Rara sangat-sangat kesal karena Rekal tidak keluar-keluar juga dari kelasnya. Di saat orang-orang sedang mengeluarkan motornya, Rara masih diam. Rara hanya melihat orang-orang, dan tak sengaja Ia melihat matanya menangkap sosok lelaki yang bernama Reja.
Dan pada saat itu juga, Rara berusaha untuk memalingkan muka agar tidak bertatap-tatapan dengan Reja. Reja baik, hanya saja waktu itu Ia sedang brengsek.
Tapi ternyata Reja malah menghampiri Rara.
"Ra" panggilnya.
Rara terkejut dan menoleh, "Iya, ada apa?"
"Belum pulang?"
Rara hanya menggeleng. Tak lama kemudian, Reja kembali bertanya, "Kenapa? nunggu Rekal?"
Dan jawaban Rara pun hanya anggukan saja. Entah kenapa, Reja malah kesal dengan sikap jual mahal nya Rara.

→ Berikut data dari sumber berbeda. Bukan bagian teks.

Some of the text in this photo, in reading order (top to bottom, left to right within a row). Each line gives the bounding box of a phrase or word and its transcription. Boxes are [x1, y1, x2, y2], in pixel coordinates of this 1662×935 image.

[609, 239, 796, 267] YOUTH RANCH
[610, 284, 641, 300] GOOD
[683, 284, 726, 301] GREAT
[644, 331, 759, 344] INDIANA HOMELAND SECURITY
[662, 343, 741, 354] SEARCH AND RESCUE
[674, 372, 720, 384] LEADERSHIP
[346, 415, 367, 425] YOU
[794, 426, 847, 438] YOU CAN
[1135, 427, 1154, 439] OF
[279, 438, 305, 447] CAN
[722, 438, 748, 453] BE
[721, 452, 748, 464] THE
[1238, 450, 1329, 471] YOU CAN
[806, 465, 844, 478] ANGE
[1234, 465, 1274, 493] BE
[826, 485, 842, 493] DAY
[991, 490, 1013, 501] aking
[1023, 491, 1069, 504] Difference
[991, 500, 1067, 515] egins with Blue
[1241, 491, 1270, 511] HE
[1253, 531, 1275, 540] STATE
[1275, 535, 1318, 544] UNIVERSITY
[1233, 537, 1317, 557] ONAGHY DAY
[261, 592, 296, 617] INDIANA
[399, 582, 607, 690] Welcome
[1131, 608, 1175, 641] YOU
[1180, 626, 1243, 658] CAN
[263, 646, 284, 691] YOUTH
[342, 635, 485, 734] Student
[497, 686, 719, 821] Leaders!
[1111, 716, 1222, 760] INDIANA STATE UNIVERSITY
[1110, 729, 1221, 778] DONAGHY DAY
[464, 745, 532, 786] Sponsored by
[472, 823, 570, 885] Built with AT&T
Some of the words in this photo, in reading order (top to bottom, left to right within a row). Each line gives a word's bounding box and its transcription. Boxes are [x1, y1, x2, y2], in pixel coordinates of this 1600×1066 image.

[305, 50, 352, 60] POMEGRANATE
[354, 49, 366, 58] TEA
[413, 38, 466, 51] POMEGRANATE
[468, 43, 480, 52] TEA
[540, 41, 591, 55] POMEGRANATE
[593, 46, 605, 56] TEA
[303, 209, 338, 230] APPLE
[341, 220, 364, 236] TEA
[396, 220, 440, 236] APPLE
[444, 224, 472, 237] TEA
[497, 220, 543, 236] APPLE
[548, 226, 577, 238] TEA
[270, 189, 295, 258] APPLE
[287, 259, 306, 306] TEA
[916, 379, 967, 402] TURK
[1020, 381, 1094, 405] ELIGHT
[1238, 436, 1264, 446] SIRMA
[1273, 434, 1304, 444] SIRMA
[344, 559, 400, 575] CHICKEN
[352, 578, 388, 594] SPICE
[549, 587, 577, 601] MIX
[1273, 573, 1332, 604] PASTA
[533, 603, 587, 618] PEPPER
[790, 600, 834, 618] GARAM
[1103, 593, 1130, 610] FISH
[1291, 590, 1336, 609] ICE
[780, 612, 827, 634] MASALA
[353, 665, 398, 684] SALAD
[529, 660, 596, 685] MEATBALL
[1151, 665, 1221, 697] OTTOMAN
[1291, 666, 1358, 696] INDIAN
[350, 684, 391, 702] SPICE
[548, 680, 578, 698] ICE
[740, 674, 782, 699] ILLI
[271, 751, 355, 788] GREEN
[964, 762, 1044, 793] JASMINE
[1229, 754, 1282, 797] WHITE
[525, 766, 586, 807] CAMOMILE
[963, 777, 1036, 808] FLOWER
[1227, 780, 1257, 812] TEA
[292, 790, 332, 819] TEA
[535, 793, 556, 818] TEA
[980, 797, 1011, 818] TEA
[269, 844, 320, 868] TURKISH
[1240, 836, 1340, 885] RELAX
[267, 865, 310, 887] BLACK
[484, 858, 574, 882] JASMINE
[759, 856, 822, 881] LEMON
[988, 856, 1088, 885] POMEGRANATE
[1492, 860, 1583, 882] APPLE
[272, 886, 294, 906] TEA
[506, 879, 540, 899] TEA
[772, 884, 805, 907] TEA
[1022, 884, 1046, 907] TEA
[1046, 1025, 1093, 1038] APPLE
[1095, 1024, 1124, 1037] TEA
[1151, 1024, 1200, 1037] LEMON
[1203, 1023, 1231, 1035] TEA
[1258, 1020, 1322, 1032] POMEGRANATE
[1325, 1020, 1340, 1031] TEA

Reja langsung memegang tangan Rara, "Ayo, pulang bareng gue aja! Rekal nggak usah lo tungguin!" ajak Reja.
Rara terkejut, tapi, Ia langsung melepas paksa tangan Reja karena takut menjadi salah paham bagi orang yang melihatnya.
"Lepas, Ja! Lepas!!"
Rara terus memberontak saat tangannya terus di pegang oleh Reja.
"Pulang sama gue, Ra! Gue masih sayang sama lo"
Saat mendengar kalimat tersebut, Rara langsung terdiam sejenak. Ia memikirkan cara agar Ia bisa melepaskan tangannya dari genggaman Reja.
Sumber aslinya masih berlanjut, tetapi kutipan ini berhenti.